While many districts say an earlier start gives students more time to prepare for state testing and to finish their first semester tests before winter break, Elyria says it tried an earlier school year and it didn't work for students and families.
“After Labor Day, our kids are ready to come back, our teachers ready to come back, our parents are ready for the kids to come back,” said Elyria City School District spokesperson Amy Higgins.
She said the district has historically begun classes after Labor Day, in part due to older school buildings that don’t have air conditioning, though it plans to keep the schedule even as buildings are updated.
Higgins said the district has moved professional development days for staff to the days before students start and shaved some days from breaks during the school year. The later start allows more time to get classrooms ready and put staff in place.
It tried a mid-August start in 2016, but it didn’t go over well with families.
“A lot of our families are involved in the county fair; a lot of our kids are in 4-H, so that's always at the end of August. It was difficult from that perspective for families, but also, families do a lot of vacationing in August,” Higgins said.
State Senator Gayle Manning, a Republican who represents Ohio’s 13th District, wants other districts to start after Labor Day.
“Kids aren’t learning today if they’re in the classroom,” she said.
The former teacher of 37 years is sponsoring Senate Bill 34, which would require most public and charter schools to start after Labor Day. Districts could opt out after having a public meeting at least 30 days before setting the academic calendar. House Bill 549 is similar.
“All I'm asking is give these residents of that district a chance to weigh in and say what they prefer,” Sen. Manning said. “They're the ones paying the tax bill.”

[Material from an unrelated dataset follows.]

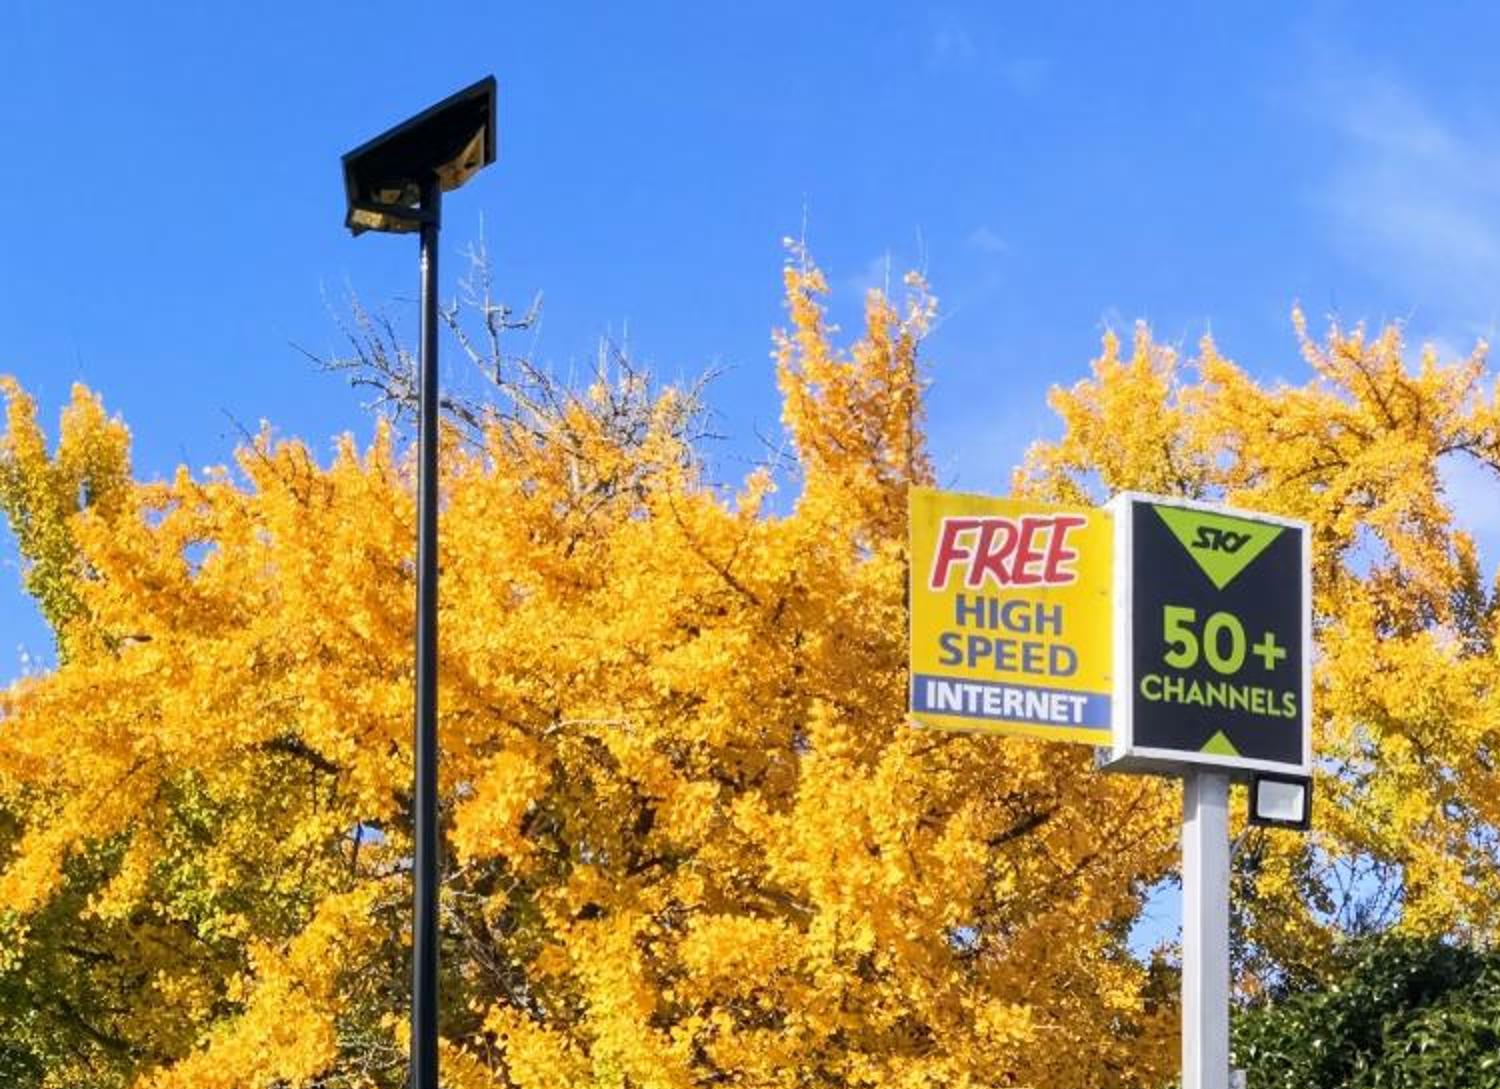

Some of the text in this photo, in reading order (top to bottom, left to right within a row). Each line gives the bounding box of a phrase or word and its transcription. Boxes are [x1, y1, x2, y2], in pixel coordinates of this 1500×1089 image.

Sen. Manning said she is working with the Ohio Department of Education to move back state testing, which currently begins in March.
“We're working with the Ohio Department of Education to offer an amendment that would push the tests back until May and try to get the results back as quickly as possible after that,” she said. Sen. Manning encouraged supporters to contact their lawmakers.
She noted that a later start could also boost tourism.
The Buckeye Association of School Administrators, which represents superintendents, and the Ohio School Boards Association, each oppose a mandated start date and favor local control.
“We believe that this is a decision best made at the local level by the members of the elected boards of education. There is nothing in law today that prevents a school district from starting school after Labor Day. In addition, current law requires a public hearing on the school calendar at least thirty days prior to the calendar’s adoption,” said Tom Ash, BASA Director of Governmental Relations.
Jay Smith, Deputy Director of Legislative Services for OSBA, said there are already opportunities for community input on school calendars.
He said OSBA does favor changes in testing.
“We support any flexibility we can get in regard to that state mandated testing window,” Smith said.